KEY POINTS
Fundamental to improving patient safety is the ability to design systems of care that reliably deliver evidence-based interventions and reduce preventable harm.
Translating evidence effectively into practice involves four key processes:
Summarizing the evidence
Identifying local barriers to compliance
Measuring performance
Ensuring that all patients receive the therapy
A culture of teamwork is vital to improving the quality and safety of care provided to patients.
Significant investment in a patient safety infrastructure is required to fulfill a commitment to safe and high-quality care.

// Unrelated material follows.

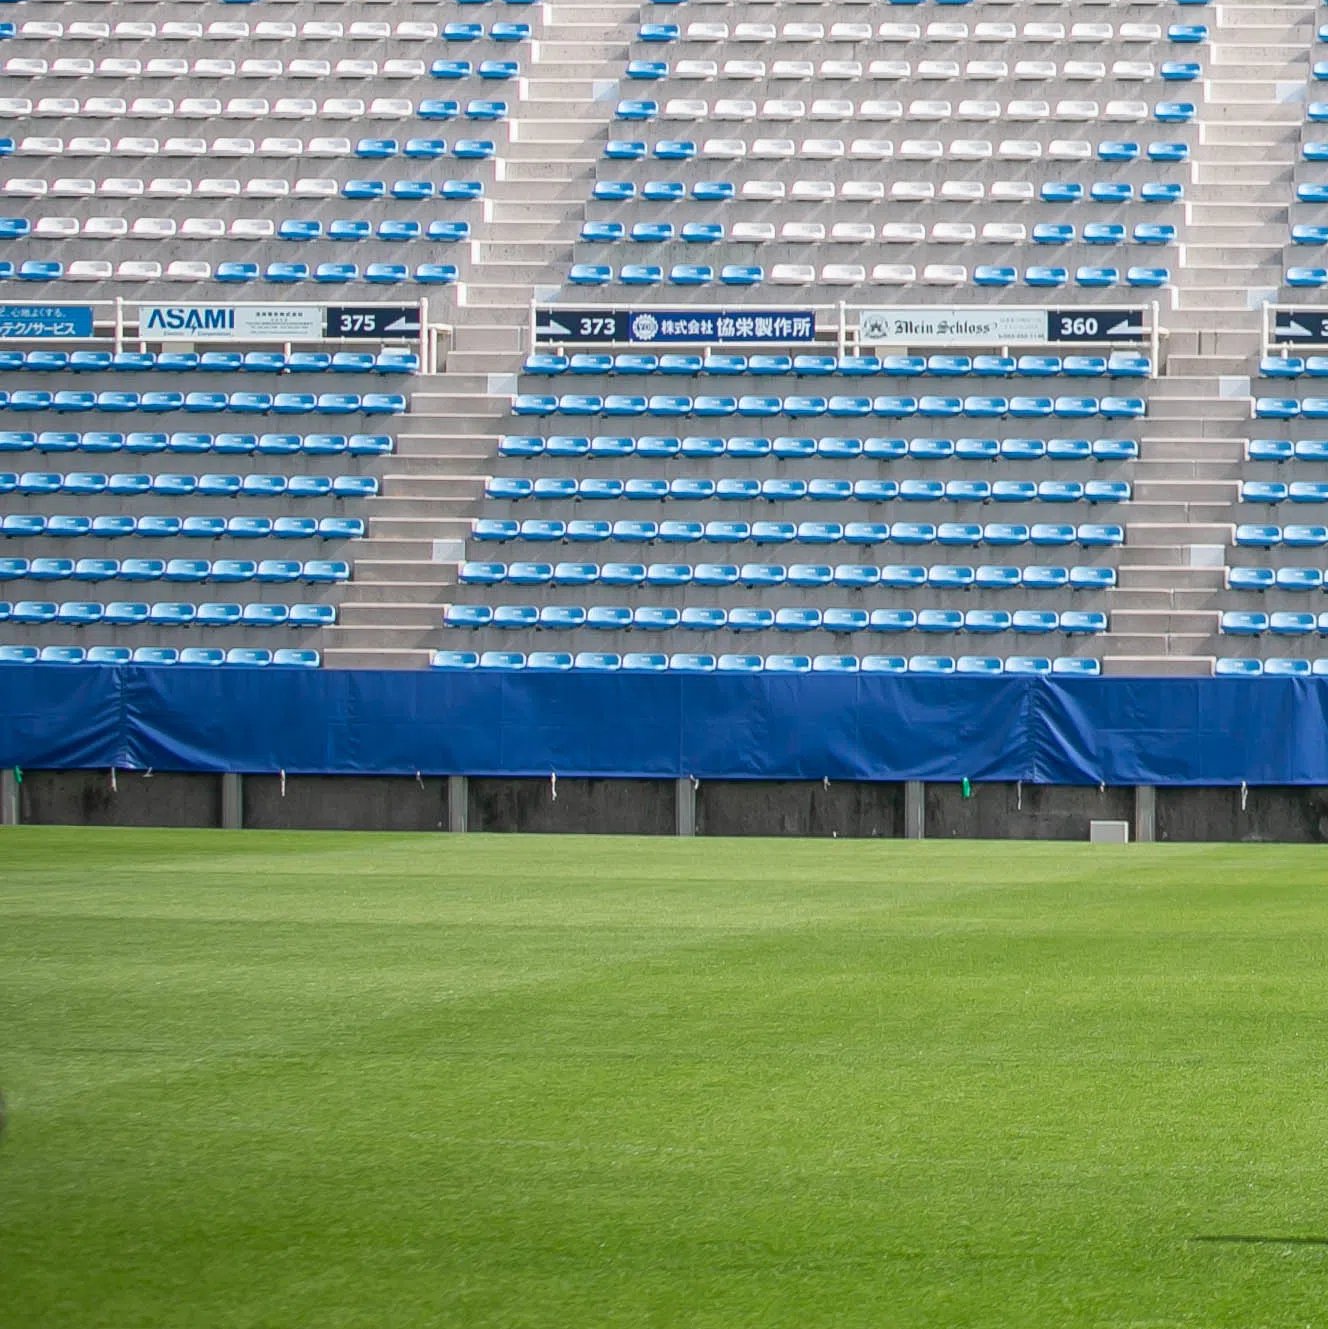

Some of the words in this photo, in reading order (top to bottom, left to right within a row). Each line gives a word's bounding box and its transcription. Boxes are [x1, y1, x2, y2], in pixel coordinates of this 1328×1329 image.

Chosen quality measures should be clinically important, scientifically sound (valid and reliable), useful, and feasible.
An ICU quality and safety scorecard can be developed locally to demonstrate a broad overview of patient safety performance over time, or relative to a benchmark.
A QUESTION OF SAFETY
A decade after the To Err Is Human report,1 the global health care community still struggles to state definitively whether patients under our care are safer. An estimated 98,000 fatalities result from medical errors every year in the United States.2 That number at least doubles if nosocomial infections and other sources of preventable harm are included. This statement is true despite amazing advances in biomedical science that have led to cutting-edge, lifesaving therapies—in part because patients receive only about 50% of recommended evidence-based interventions.3 Although the epidemiology of preventable harm is an immature science, preventable death is a leading cause of death. In addition to increased patient morbidity and mortality, this crisis of patient safety has increased health care costs and lowered public confidence in health care.

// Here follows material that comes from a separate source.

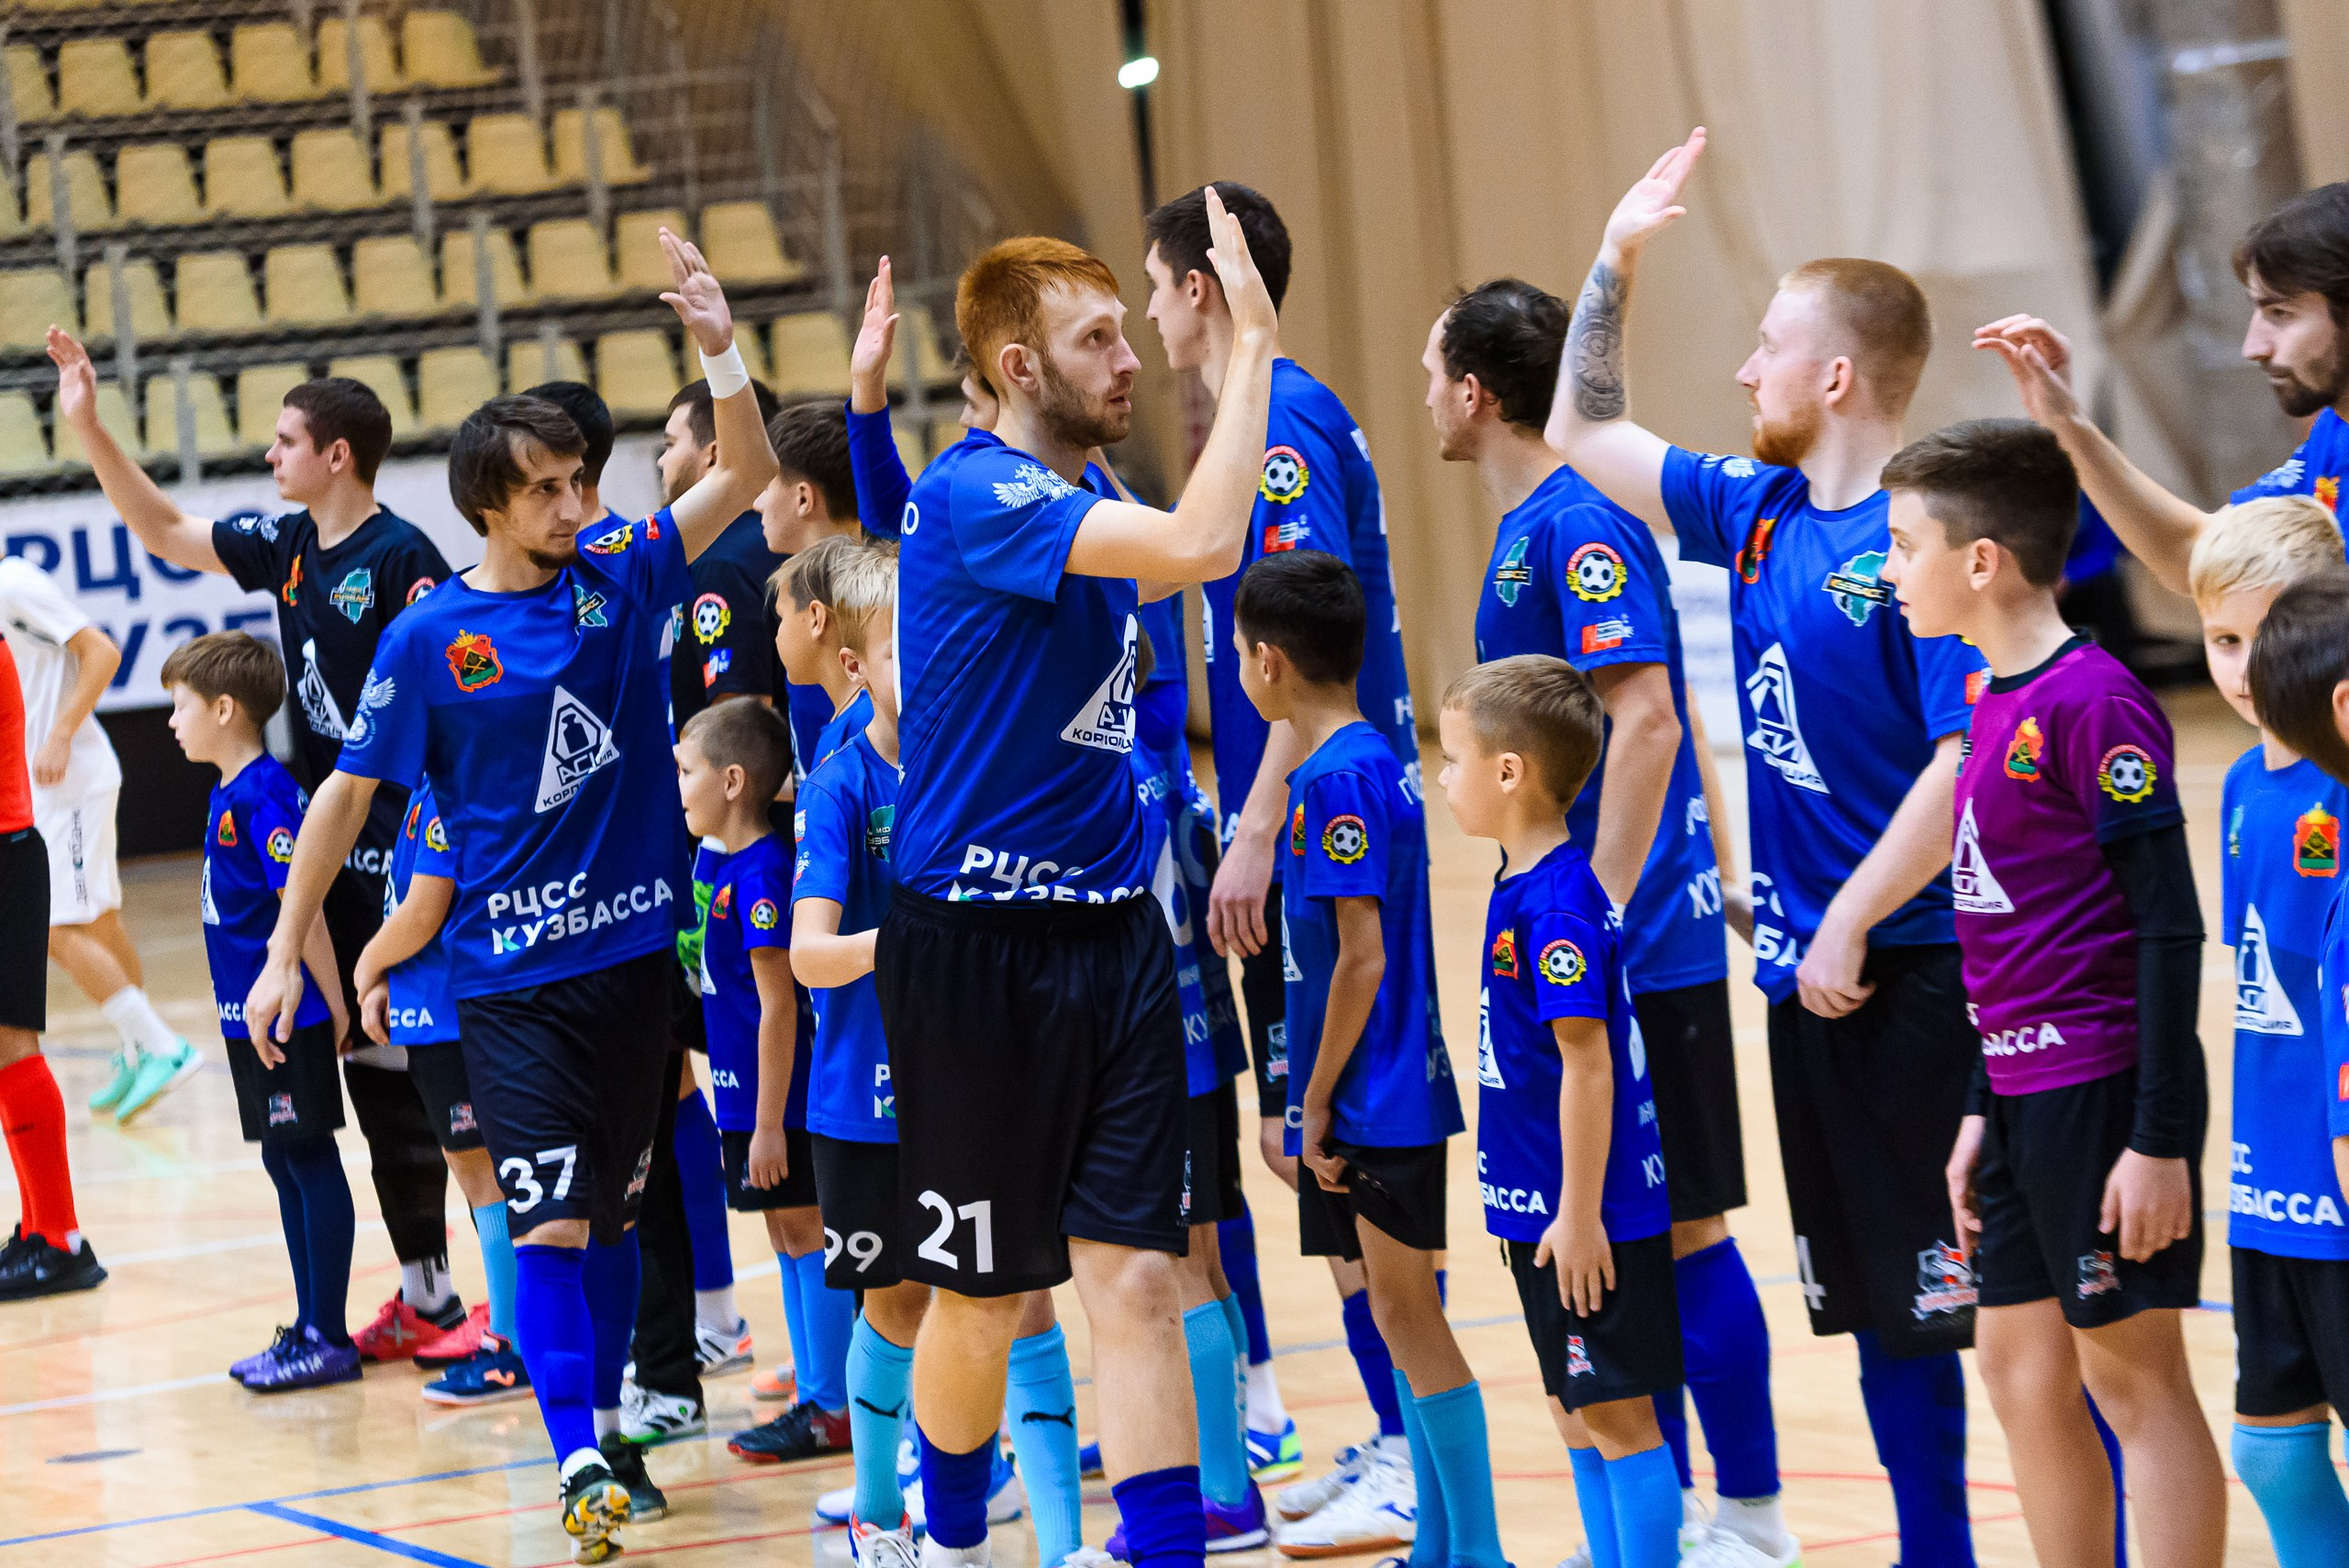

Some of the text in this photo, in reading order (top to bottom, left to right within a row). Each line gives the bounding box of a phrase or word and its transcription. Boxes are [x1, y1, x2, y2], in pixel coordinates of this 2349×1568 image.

[487, 871, 587, 919] РЦСС
[491, 877, 674, 955] КУЗБАССА
[499, 1144, 577, 1215] 37
[918, 1189, 994, 1273] 21

PREVENTABLE VERSUS INEVITABLE HARM
The past 10 years have seen a national focus on reducing adverse events, with an increase in research and interventions designed to ensure that patients are receiving safe and high-quality care. Unfortunately, most investment and interest in patient safety has been reactive in nature, addressing egregious, although relatively rare, examples of preventable harm, such as operating on the wrong body part. Other types of preventable harm are more common yet also more nuanced. Within the critical care unit, the acuity and complexity of patient disease lead many to believe that complications and morbidity are inevitable. Central to advancing patient safety improvements and optimizing care delivery is the ability to distinguish preventable harm from inevitable harm.4
In commercial aviation, all fatal crashes are deemed preventable. The implicit idea of preventable harm is that an error occurred that caused harm, but if the error had been prevented, no harm would have occurred. Health care differs substantially from aviation because it is complex and dynamic, and patient conditions not always controllable. Despite receiving the best-known medical therapies, some patients will inevitably die or sustain complications. With ever-advancing scientific knowledge and often expensive technologies, what is inevitable now may be preventable in the future.
Valid measures of preventable harm require clear definitions of the event (numerator) and those at risk for the event (denominator), plus a standardized surveillance system to identify both indicators.5 If the harm (eg, mortality from acute myocardial infarction or pneumonia) is only partially preventable (as most is), we will need methods to dissect inevitable from preventable harm.6,7
Clinicians have labeled virtually all harm as inevitable for decades. They did so partly because false-positive events (truly inevitable cases labeled as preventable) did not help them learn and improve care. Clinicians most often reviewed and learned about morbidity and mortality alone or with other physicians, focusing more on individual skills and actions rather than on systems or team skills. Such an approach is efficient for physicians; it is very specific (truly inevitable cases labeled as inevitable) but it is not very sensitive (truly preventable cases labeled as preventable).
Although this approach misses many patients who experience preventable harm, reviewing the cases identified as preventable can provide useful information. Recent efforts by payers, such as the Centers for Medicare & Medicaid Services (CMS), have gone to the other extreme by labeling all harm as preventable. Examples include measures of overall hospital mortality,8,9 the Institute for Healthcare Improvement (IHI) global trigger tools for measuring adverse events,10 and most of the “never events” identified by the CMS.11 Both approaches have risks and benefits.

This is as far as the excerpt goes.